La legislación también contempla situaciones en las que el contrato de seguro no prevé un período de carencia. En estos casos, la exclusión de la cobertura sigue siendo posible, pero no se produce automáticamente. Según un análisis publicado en un artículo técnico sobre el tema, la validez de la denegación depende de que se demuestre una omisión relevante de información en el momento de la contratación, lo que implica el análisis del cuestionario de salud y del resto de documentos firmados por el asegurado.
Las preguntas claras pasan a ser decisivas
Uno de los puntos centrales de la nueva ley se refiere a la forma en que las aseguradoras solicitan y registran la información sobre la salud del asegurado en el momento de la contratación. Según explica Marcelo Galiciano Nunes, abogado especialista en derecho de seguros del bufete Nunes Advogados, la legislación exige ahora que las preguntas formuladas al consumidor sean claras, específicas y objetivas, lo que modifica la forma en que se puede analizar la omisión de información en los litigios judiciales.
En opinión del abogado, los cuestionarios de salud genéricos, como las preguntas amplias sobre problemas de salud, pueden no ser suficientes para demostrar que hubo una omisión consciente de información relevante por parte del asegurado. Las preguntas que mencionan diagnósticos específicos o delimitan períodos determinados tienden a tener mayor relevancia jurídica. En este contexto, el abogado afirma que «sin preguntas claras sobre enfermedades específicas, la aseguradora no puede denegar la cobertura alegando posteriormente la omisión del asegurado sobre algo que nunca se le preguntó».
La alegación de una enfermedad preexistente no basta, por sí sola, para denegar la cobertura
Otro punto importante de la nueva legislación se refiere a la relación entre la enfermedad preexistente y la causa del siniestro. Según la nueva norma, la aseguradora solo puede excluir la cobertura cuando se demuestre que la enfermedad anterior fue la causa principal de la muerte o de la invalidez que dio lugar a la solicitud de indemnización.
Según el abogado especialista, esto significa, en la práctica, que la mera existencia de un problema de salud anterior a la contratación del seguro no es suficiente para justificar la denegación, siendo necesario demostrar que dicha afección fue efectivamente responsable del evento que dio lugar a la activación de la póliza. El abogado explica que muchas enfermedades actúan únicamente como factores de riesgo, y no necesariamente como causa directa del siniestro.
«Un ejemplo habitual se da cuando el asegurado padece hipertensión o diabetes, afecciones relativamente frecuentes en la población, pero fallece a causa de una enfermedad sin relación directa con esas afecciones. En estos casos, la mera existencia de la afección previa no autoriza automáticamente la denegación del pago. La exclusión de la cobertura depende de que se demuestre que la enfermedad preexistente fue realmente la causa determinante del suceso, lo que generalmente requiere un análisis médico y pericial individualizado», comenta.

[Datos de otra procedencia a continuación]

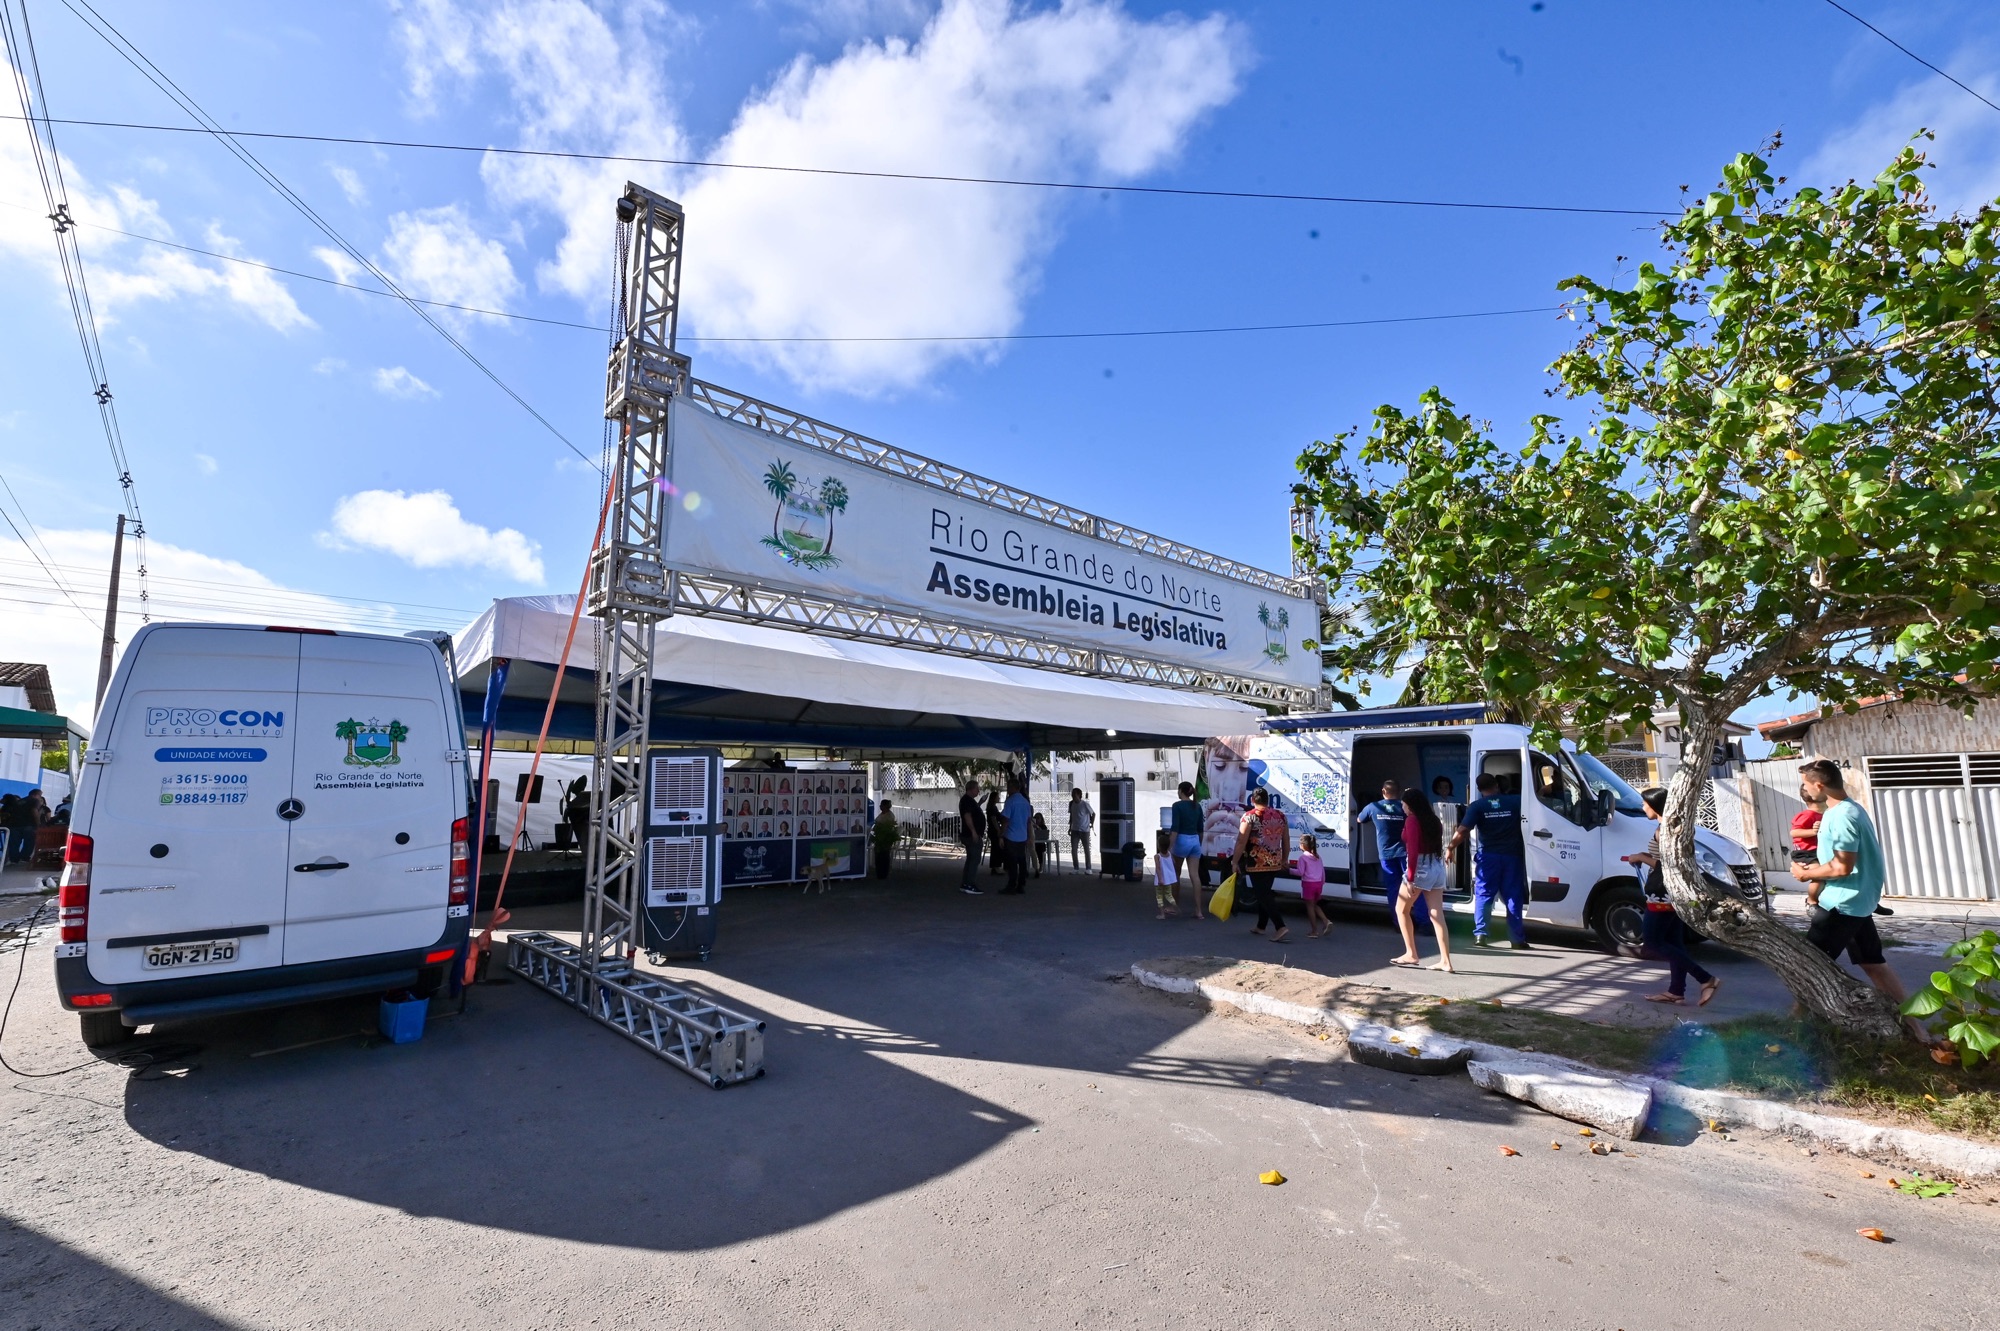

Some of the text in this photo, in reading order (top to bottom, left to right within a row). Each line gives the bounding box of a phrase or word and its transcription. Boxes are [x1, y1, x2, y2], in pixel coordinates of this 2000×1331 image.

[931, 508, 1221, 612] Rio Grande do Norte
[926, 561, 1227, 650] Assembleia Legislativa
[149, 708, 284, 727] PROCON
[149, 728, 281, 736] LEGISLATIVO
[170, 750, 253, 759] UNIDADE MÓVEL
[161, 774, 248, 785] 84 3615-9000
[315, 772, 422, 781] Rio Grande do Norte
[374, 780, 425, 789] Legislativa
[174, 793, 247, 804] 98849-1187
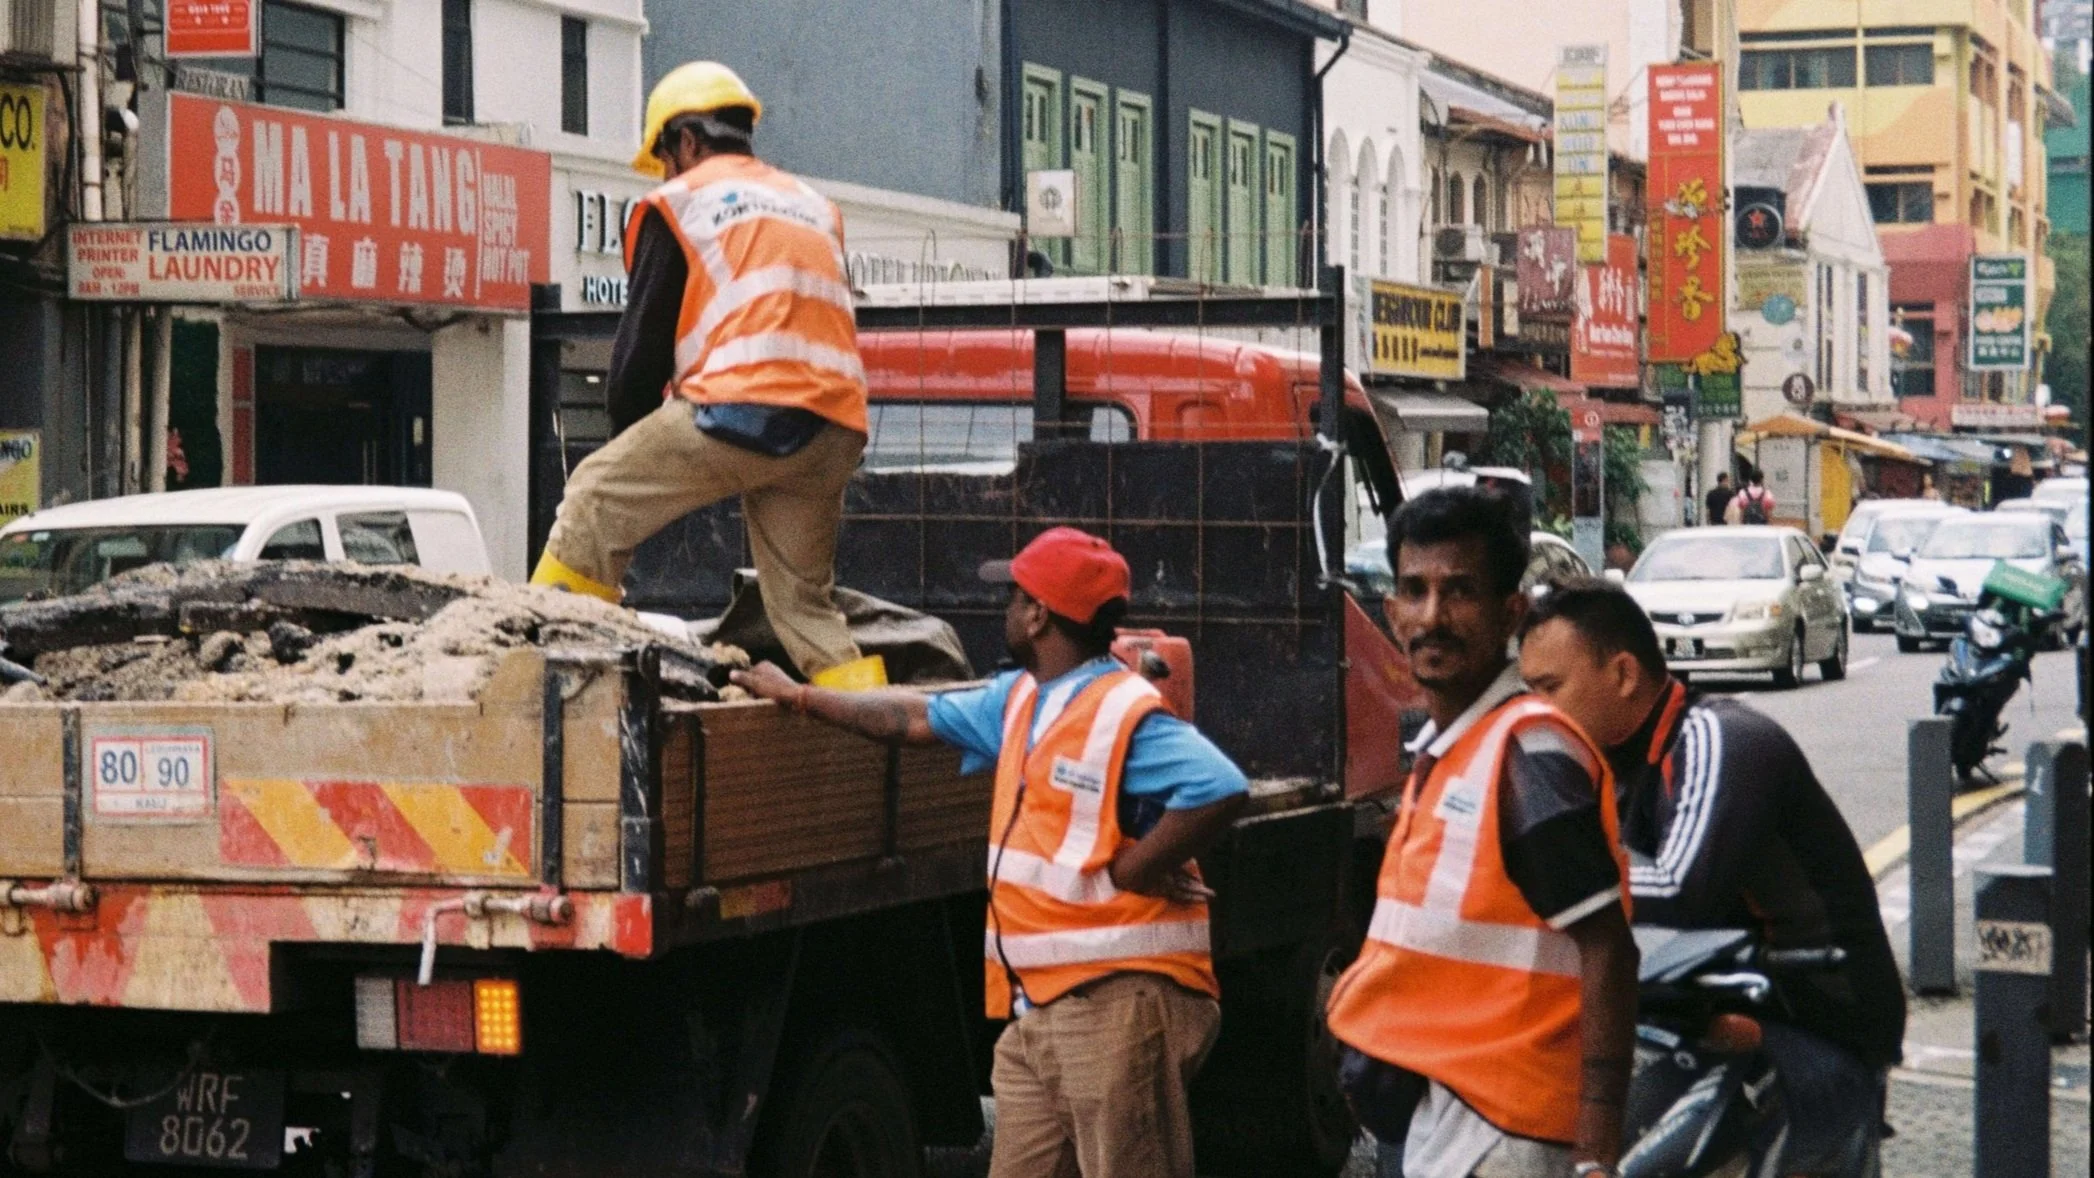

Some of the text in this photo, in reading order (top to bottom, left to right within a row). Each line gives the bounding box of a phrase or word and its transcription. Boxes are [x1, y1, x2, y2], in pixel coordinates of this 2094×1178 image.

Posibles repercusiones en el sector
En opinión del abogado, estos cambios deberían influir en la forma en que se elaboran y comercializan los contratos de seguro. La tendencia es que las aseguradoras empiecen a adoptar cuestionarios de salud más detallados y procedimientos de evaluación de riesgos más rigurosos en el momento de la contratación, reduciendo la posibilidad de disputas posteriores. El especialista destaca que aún es pronto para medir sus efectos prácticos, pero, según él, los litigios tienden a centrarse menos en la mera existencia de una enfermedad previa y más en la forma en que se contrató el seguro.